● **WHAT YOU HAVE TO DO**
From the listing that follows, extract every line and set it down unaltered.

● **INFORMATION**
★ ★ ★

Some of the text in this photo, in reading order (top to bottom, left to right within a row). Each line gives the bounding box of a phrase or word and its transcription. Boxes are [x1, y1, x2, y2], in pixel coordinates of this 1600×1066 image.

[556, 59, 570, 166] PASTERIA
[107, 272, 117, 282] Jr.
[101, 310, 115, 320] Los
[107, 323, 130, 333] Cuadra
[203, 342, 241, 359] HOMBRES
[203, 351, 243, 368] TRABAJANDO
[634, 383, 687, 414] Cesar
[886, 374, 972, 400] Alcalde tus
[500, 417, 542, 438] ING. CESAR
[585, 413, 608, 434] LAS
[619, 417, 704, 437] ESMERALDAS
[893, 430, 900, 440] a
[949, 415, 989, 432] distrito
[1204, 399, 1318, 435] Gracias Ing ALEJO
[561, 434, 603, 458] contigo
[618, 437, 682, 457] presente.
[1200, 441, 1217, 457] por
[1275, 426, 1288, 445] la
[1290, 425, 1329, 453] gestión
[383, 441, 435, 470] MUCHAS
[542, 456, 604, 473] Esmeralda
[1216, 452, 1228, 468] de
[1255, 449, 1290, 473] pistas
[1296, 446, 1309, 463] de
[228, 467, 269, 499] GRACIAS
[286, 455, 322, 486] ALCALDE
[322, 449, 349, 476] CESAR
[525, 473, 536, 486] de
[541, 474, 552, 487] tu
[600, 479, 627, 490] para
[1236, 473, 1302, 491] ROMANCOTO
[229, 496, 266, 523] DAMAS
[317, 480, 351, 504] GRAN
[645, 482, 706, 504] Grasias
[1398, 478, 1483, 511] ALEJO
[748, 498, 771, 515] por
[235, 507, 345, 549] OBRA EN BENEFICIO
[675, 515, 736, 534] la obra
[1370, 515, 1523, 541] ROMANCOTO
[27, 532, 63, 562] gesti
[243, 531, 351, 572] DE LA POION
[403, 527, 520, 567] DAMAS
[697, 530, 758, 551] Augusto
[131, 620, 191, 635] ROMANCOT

★ ★ ★

● **TASK RESULT**
Some of the text in this photo, in reading order (top to bottom, left to right within a row). Each line gives the bounding box of a phrase or word and its transcription. Boxes are [x1, y1, x2, y2], in pixel coordinates of this 1600×1066 image.

[556, 59, 570, 166] PASTERIA
[107, 272, 117, 282] Jr.
[101, 310, 115, 320] Los
[107, 323, 130, 333] Cuadra
[203, 342, 241, 359] HOMBRES
[203, 351, 243, 368] TRABAJANDO
[634, 383, 687, 414] Cesar
[886, 374, 972, 400] Alcalde tus
[500, 417, 542, 438] ING. CESAR
[585, 413, 608, 434] LAS
[619, 417, 704, 437] ESMERALDAS
[893, 430, 900, 440] a
[949, 415, 989, 432] distrito
[1204, 399, 1318, 435] Gracias Ing ALEJO
[561, 434, 603, 458] contigo
[618, 437, 682, 457] presente.
[1200, 441, 1217, 457] por
[1275, 426, 1288, 445] la
[1290, 425, 1329, 453] gestión
[383, 441, 435, 470] MUCHAS
[542, 456, 604, 473] Esmeralda
[1216, 452, 1228, 468] de
[1255, 449, 1290, 473] pistas
[1296, 446, 1309, 463] de
[228, 467, 269, 499] GRACIAS
[286, 455, 322, 486] ALCALDE
[322, 449, 349, 476] CESAR
[525, 473, 536, 486] de
[541, 474, 552, 487] tu
[600, 479, 627, 490] para
[1236, 473, 1302, 491] ROMANCOTO
[229, 496, 266, 523] DAMAS
[317, 480, 351, 504] GRAN
[645, 482, 706, 504] Grasias
[1398, 478, 1483, 511] ALEJO
[748, 498, 771, 515] por
[235, 507, 345, 549] OBRA EN BENEFICIO
[675, 515, 736, 534] la obra
[1370, 515, 1523, 541] ROMANCOTO
[27, 532, 63, 562] gesti
[243, 531, 351, 572] DE LA POION
[403, 527, 520, 567] DAMAS
[697, 530, 758, 551] Augusto
[131, 620, 191, 635] ROMANCOT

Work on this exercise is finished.